+++ Dataset records +++

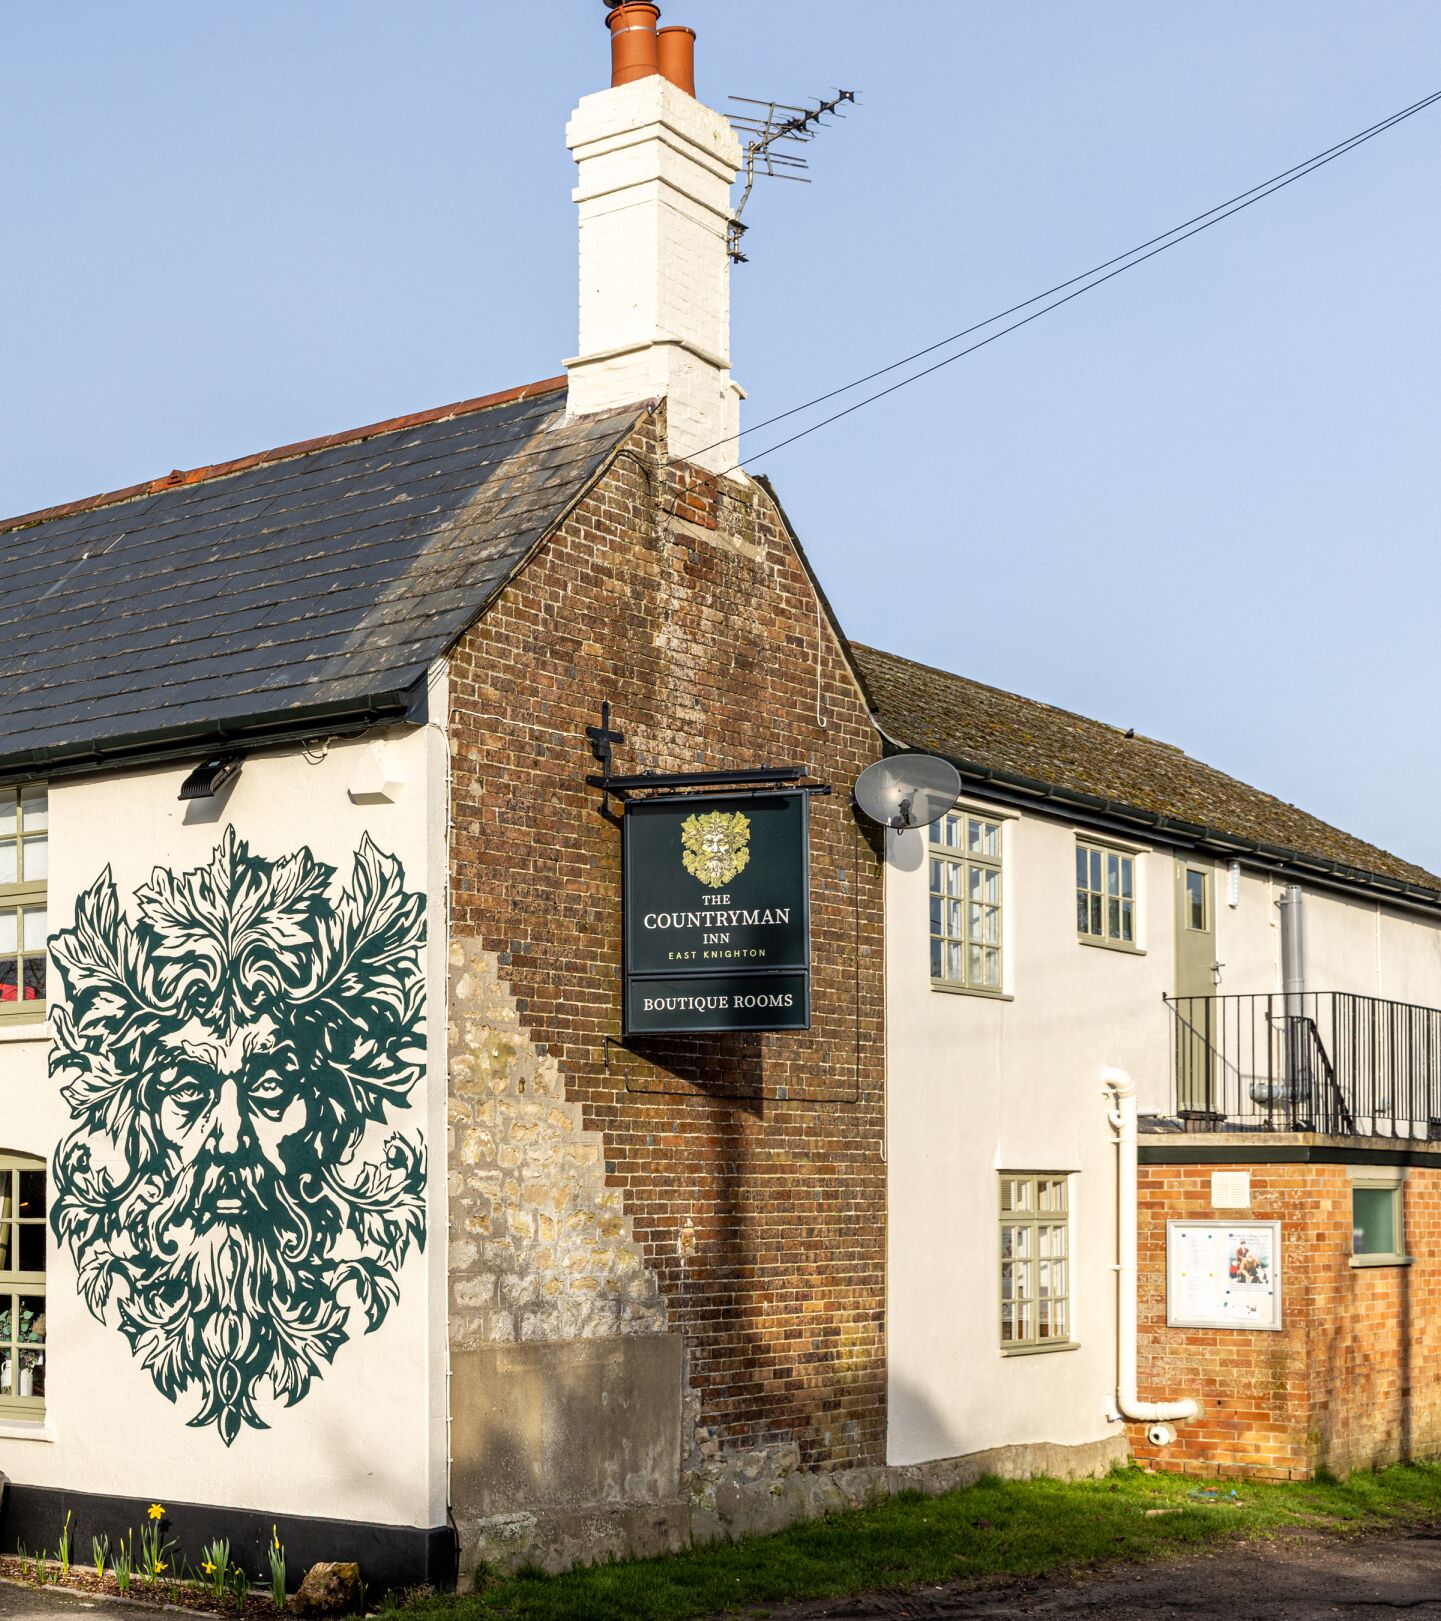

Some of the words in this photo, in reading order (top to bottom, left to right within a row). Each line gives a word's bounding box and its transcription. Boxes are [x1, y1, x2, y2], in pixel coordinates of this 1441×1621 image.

[702, 894, 731, 906] THE
[643, 908, 791, 929] COUNTRYMAN
[702, 933, 730, 944] INN
[668, 951, 697, 960] EAST
[703, 949, 767, 959] KNIGHTON
[643, 995, 729, 1012] BOUTIQUE
[733, 994, 793, 1009] ROOMS

+++

◆ What you need to do
Each record above must be retyped exactly. Omit the pictures.

◆ Answer to this problem
Some of the words in this photo, in reading order (top to bottom, left to right within a row). Each line gives a word's bounding box and its transcription. Boxes are [x1, y1, x2, y2], in pixel coordinates of this 1441×1621 image.

[702, 894, 731, 906] THE
[643, 908, 791, 929] COUNTRYMAN
[702, 933, 730, 944] INN
[668, 951, 697, 960] EAST
[703, 949, 767, 959] KNIGHTON
[643, 995, 729, 1012] BOUTIQUE
[733, 994, 793, 1009] ROOMS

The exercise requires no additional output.